Click here for the first post, which contains the context of this series.
Item #26: Define function decorators with functools.wraps.
Function decorators add functionality before and after the execution of the functions that they decorate. For example,
def fib(n):
if n < 3:
return 1
return fib(n - 1) + fib(n - 2)
fib(500)
will probably never terminate. An idea is to cache:
cache = {}
def fib(n):
if n in cache:
return cache[n]
if n < 3:
return 1
cache[n] = fib(n - 1) + fib(n - 2)
return cache[n]
fib(500)
But what if you want to do this to multiple functions? An idea is to use decorators:
from functools import wraps
def my_cache(func):
cache = {}
@wraps(func)
def wrapper(n):
if n in cache:
return cache[n]
cache[n] = func(n)
return cache[n]
return wrapper
@my_cache # decorator
def fib(n):
if n < 3:
return 1
return fib(n - 1) + fib(n - 2)
@my_cache
def new_fib(n):
if n < 4:
return 1
return new_fib(n - 1) + new_fib(n - 2) + new_fib(n - 3)
fib(500)
new_fib(500)
You can add more than one decorator to a function; note the order in which they are applied.

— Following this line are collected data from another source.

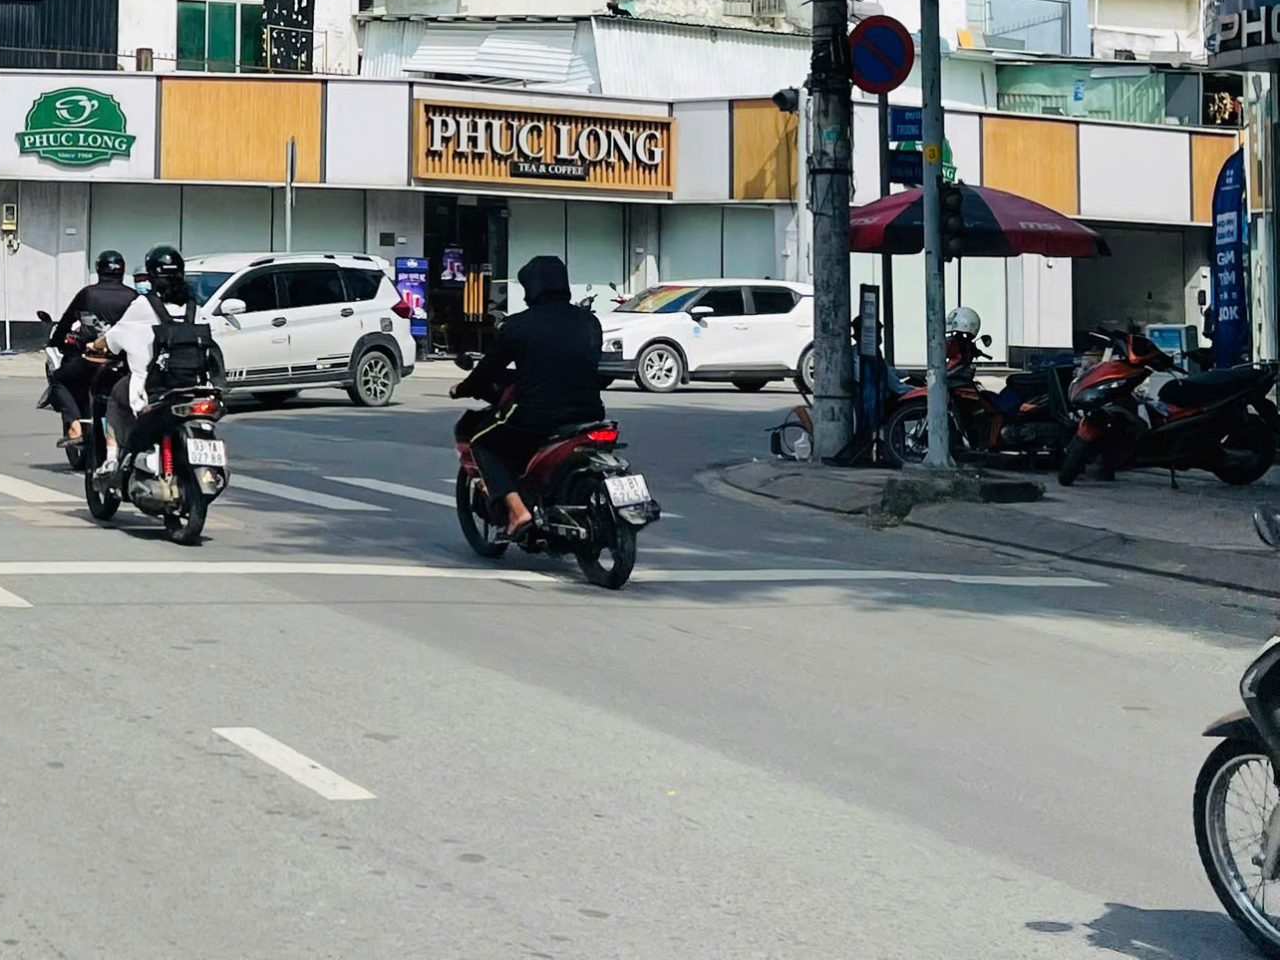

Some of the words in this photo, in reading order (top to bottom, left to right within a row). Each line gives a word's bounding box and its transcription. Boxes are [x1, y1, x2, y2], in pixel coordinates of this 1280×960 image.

[24, 132, 73, 148] PHUC
[78, 133, 127, 151] LONG
[429, 115, 545, 159] PHUC
[555, 124, 664, 165] LONG
[928, 149, 936, 159] 3
[518, 163, 536, 173] TEA
[538, 165, 546, 173] &
[548, 165, 584, 176] COFFEE

Item #27: Use comprehensions instead of map and filter.
Let
a = [1, 2, 3, 4, 5, 6, 7, 8, 9]
Suppose that you are doing this:
b = []
for c in a:
if c % 2:
b.append(c ** 2)
A better way is to use a comprehension:
b = [c ** 2 for c in a if c % 2]
Avoid using map and filter:
b = list(map(lambda c: c ** 2, filter(lambda c: c % 2, a)))

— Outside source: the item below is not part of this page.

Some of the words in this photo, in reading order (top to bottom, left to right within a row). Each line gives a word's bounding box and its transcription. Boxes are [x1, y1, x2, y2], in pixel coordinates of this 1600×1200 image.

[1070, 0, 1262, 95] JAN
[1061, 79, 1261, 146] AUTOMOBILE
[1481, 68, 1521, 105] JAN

Comprehensions can also be used with dict and set.
Item #28: Avoid more than two control sub-expressions in comprehensions.

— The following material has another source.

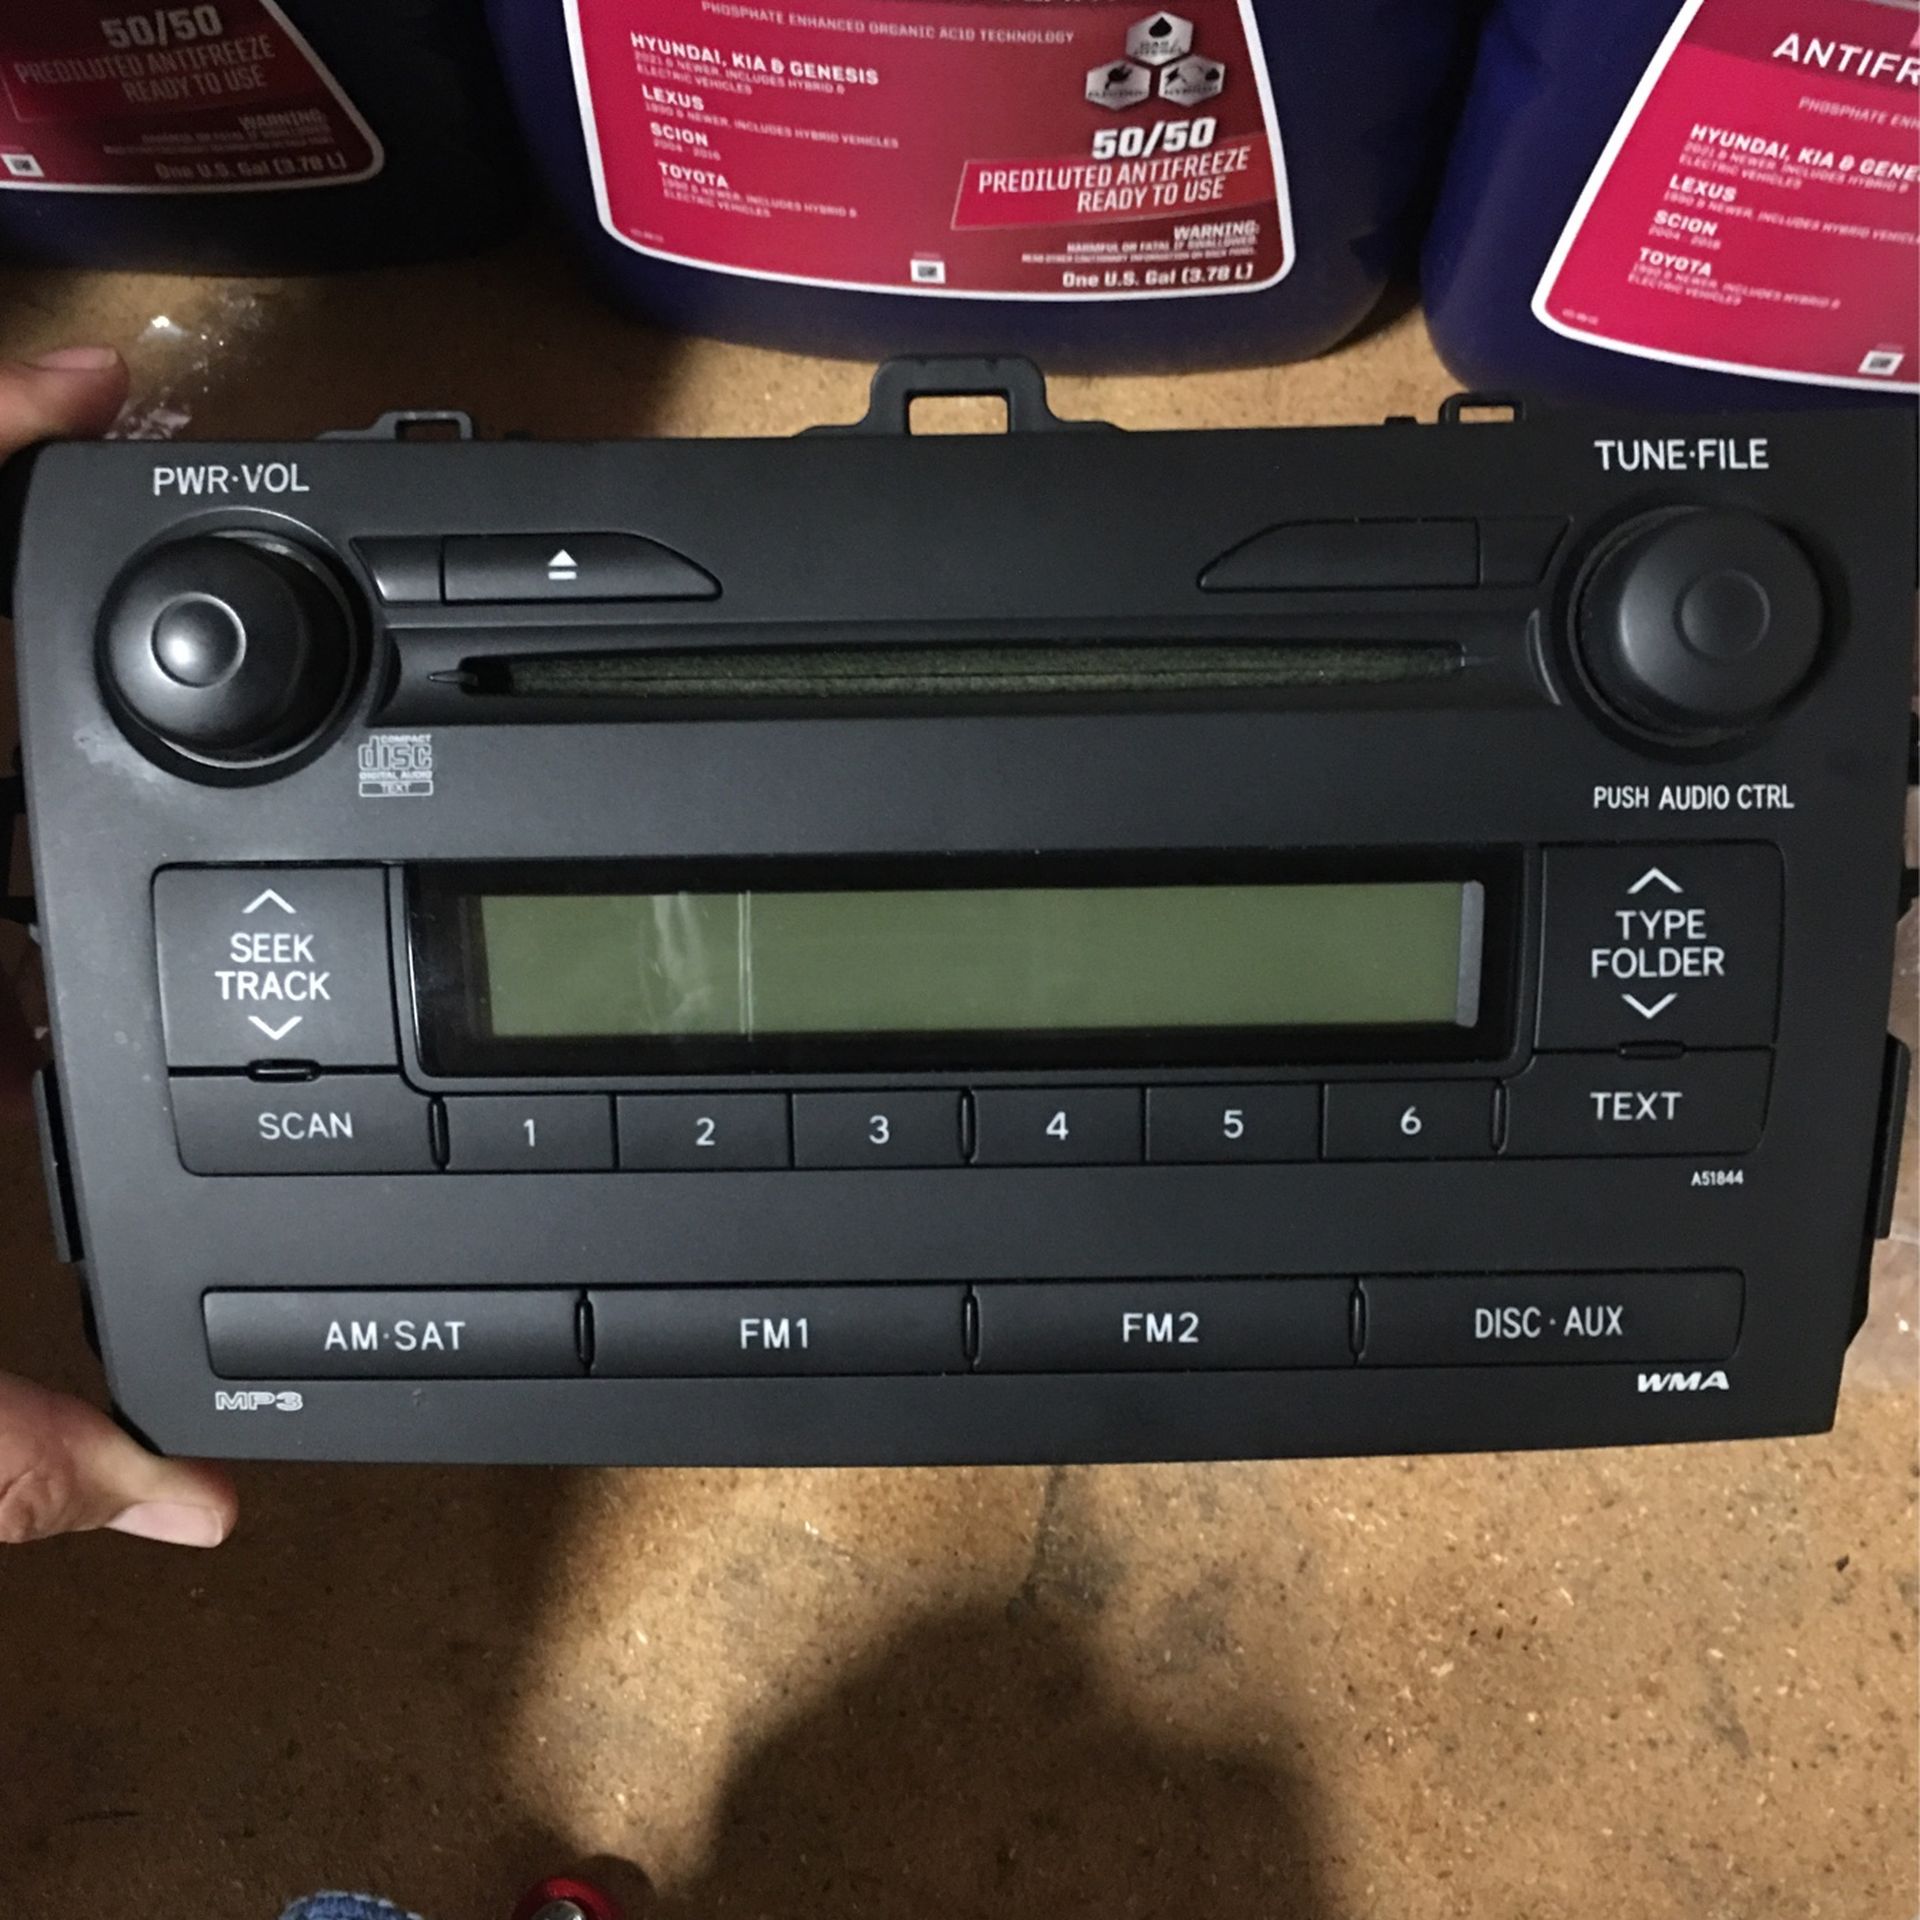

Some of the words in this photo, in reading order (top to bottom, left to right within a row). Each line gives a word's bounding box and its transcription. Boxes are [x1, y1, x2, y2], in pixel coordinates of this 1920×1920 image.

You can stack comprehensions:
a = [1, 2, 3, 4, 5, 6, 7, 8, 9]
b = [[x, y] for x in a if x % 2 for y in a if not y % 2]
Avoid stacking more than two, and note the order in which the for loops are executed.
Item #29: Avoid repeated work in comprehensions by using assignment expressions.
Consider
[expensive_function(x) for x in X if meets_condition(expensive_function(x))]
This is repeated work because expensive_function could be called twice for each x. Instead, use an assignment expression:
[result for x in X if meets_condition(result := expensive_function(x))]
Note that result leaks out of the scope of the comprehension.
Item #30: Consider generators instead of returning lists.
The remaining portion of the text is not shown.